- _Exercise directions_
Every entry must be transcribed without alteration.

━━━━━━━━━━━━━━━━

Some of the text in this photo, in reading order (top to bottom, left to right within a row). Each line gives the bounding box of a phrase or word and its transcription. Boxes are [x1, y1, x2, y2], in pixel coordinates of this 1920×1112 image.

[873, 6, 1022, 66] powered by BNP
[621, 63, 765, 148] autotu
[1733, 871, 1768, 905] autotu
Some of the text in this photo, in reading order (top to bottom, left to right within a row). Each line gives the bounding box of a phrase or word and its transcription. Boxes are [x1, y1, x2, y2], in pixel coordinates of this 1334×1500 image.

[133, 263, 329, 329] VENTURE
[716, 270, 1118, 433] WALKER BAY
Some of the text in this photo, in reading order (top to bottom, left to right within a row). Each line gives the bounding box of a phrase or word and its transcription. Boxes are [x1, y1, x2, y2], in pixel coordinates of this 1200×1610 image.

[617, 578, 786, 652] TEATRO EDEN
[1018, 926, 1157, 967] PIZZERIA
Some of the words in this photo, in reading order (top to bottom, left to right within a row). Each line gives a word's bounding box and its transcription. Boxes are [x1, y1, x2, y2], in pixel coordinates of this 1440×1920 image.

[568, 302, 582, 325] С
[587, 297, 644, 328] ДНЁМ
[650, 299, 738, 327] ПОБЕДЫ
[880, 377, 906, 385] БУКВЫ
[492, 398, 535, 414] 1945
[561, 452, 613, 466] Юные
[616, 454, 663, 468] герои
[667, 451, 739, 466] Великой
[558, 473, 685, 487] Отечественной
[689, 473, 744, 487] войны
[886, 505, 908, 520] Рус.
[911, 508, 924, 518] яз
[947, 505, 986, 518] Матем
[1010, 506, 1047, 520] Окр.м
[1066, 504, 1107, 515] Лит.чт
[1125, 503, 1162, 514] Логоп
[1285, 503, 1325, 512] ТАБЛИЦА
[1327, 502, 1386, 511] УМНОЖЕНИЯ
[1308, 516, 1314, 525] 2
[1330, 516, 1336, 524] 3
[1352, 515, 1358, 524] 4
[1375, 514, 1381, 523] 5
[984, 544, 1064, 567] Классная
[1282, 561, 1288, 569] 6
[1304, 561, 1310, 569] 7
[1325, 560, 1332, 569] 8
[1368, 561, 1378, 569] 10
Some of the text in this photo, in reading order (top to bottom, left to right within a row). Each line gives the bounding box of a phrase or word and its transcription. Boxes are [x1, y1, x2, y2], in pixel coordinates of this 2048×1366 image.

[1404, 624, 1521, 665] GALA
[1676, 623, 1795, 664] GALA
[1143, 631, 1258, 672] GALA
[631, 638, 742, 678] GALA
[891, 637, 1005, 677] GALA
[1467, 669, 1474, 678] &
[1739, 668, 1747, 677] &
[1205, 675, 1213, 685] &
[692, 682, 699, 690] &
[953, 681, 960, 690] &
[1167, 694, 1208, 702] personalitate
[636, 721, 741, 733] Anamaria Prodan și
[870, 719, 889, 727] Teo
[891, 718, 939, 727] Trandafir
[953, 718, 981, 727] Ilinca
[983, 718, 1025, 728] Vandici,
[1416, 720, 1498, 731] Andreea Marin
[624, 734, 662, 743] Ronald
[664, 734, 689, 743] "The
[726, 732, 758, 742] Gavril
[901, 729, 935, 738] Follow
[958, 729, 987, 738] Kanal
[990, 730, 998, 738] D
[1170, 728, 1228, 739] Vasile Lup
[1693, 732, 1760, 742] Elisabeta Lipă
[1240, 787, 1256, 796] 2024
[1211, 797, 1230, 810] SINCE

━━━━━━━━━━━━━━━━

- _Response to this exercise_
Some of the text in this photo, in reading order (top to bottom, left to right within a row). Each line gives the bounding box of a phrase or word and its transcription. Boxes are [x1, y1, x2, y2], in pixel coordinates of this 1920×1112 image.

[873, 6, 1022, 66] powered by BNP
[621, 63, 765, 148] autotu
[1733, 871, 1768, 905] autotu
Some of the text in this photo, in reading order (top to bottom, left to right within a row). Each line gives the bounding box of a phrase or word and its transcription. Boxes are [x1, y1, x2, y2], in pixel coordinates of this 1334×1500 image.

[133, 263, 329, 329] VENTURE
[716, 270, 1118, 433] WALKER BAY
Some of the text in this photo, in reading order (top to bottom, left to right within a row). Each line gives the bounding box of a phrase or word and its transcription. Boxes are [x1, y1, x2, y2], in pixel coordinates of this 1200×1610 image.

[617, 578, 786, 652] TEATRO EDEN
[1018, 926, 1157, 967] PIZZERIA
Some of the words in this photo, in reading order (top to bottom, left to right within a row). Each line gives a word's bounding box and its transcription. Boxes are [x1, y1, x2, y2], in pixel coordinates of this 1440×1920 image.

[568, 302, 582, 325] С
[587, 297, 644, 328] ДНЁМ
[650, 299, 738, 327] ПОБЕДЫ
[880, 377, 906, 385] БУКВЫ
[492, 398, 535, 414] 1945
[561, 452, 613, 466] Юные
[616, 454, 663, 468] герои
[667, 451, 739, 466] Великой
[558, 473, 685, 487] Отечественной
[689, 473, 744, 487] войны
[886, 505, 908, 520] Рус.
[911, 508, 924, 518] яз
[947, 505, 986, 518] Матем
[1010, 506, 1047, 520] Окр.м
[1066, 504, 1107, 515] Лит.чт
[1125, 503, 1162, 514] Логоп
[1285, 503, 1325, 512] ТАБЛИЦА
[1327, 502, 1386, 511] УМНОЖЕНИЯ
[1308, 516, 1314, 525] 2
[1330, 516, 1336, 524] 3
[1352, 515, 1358, 524] 4
[1375, 514, 1381, 523] 5
[984, 544, 1064, 567] Классная
[1282, 561, 1288, 569] 6
[1304, 561, 1310, 569] 7
[1325, 560, 1332, 569] 8
[1368, 561, 1378, 569] 10
Some of the text in this photo, in reading order (top to bottom, left to right within a row). Each line gives the bounding box of a phrase or word and its transcription. Boxes are [x1, y1, x2, y2], in pixel coordinates of this 2048×1366 image.

[1404, 624, 1521, 665] GALA
[1676, 623, 1795, 664] GALA
[1143, 631, 1258, 672] GALA
[631, 638, 742, 678] GALA
[891, 637, 1005, 677] GALA
[1467, 669, 1474, 678] &
[1739, 668, 1747, 677] &
[1205, 675, 1213, 685] &
[692, 682, 699, 690] &
[953, 681, 960, 690] &
[1167, 694, 1208, 702] personalitate
[636, 721, 741, 733] Anamaria Prodan și
[870, 719, 889, 727] Teo
[891, 718, 939, 727] Trandafir
[953, 718, 981, 727] Ilinca
[983, 718, 1025, 728] Vandici,
[1416, 720, 1498, 731] Andreea Marin
[624, 734, 662, 743] Ronald
[664, 734, 689, 743] "The
[726, 732, 758, 742] Gavril
[901, 729, 935, 738] Follow
[958, 729, 987, 738] Kanal
[990, 730, 998, 738] D
[1170, 728, 1228, 739] Vasile Lup
[1693, 732, 1760, 742] Elisabeta Lipă
[1240, 787, 1256, 796] 2024
[1211, 797, 1230, 810] SINCE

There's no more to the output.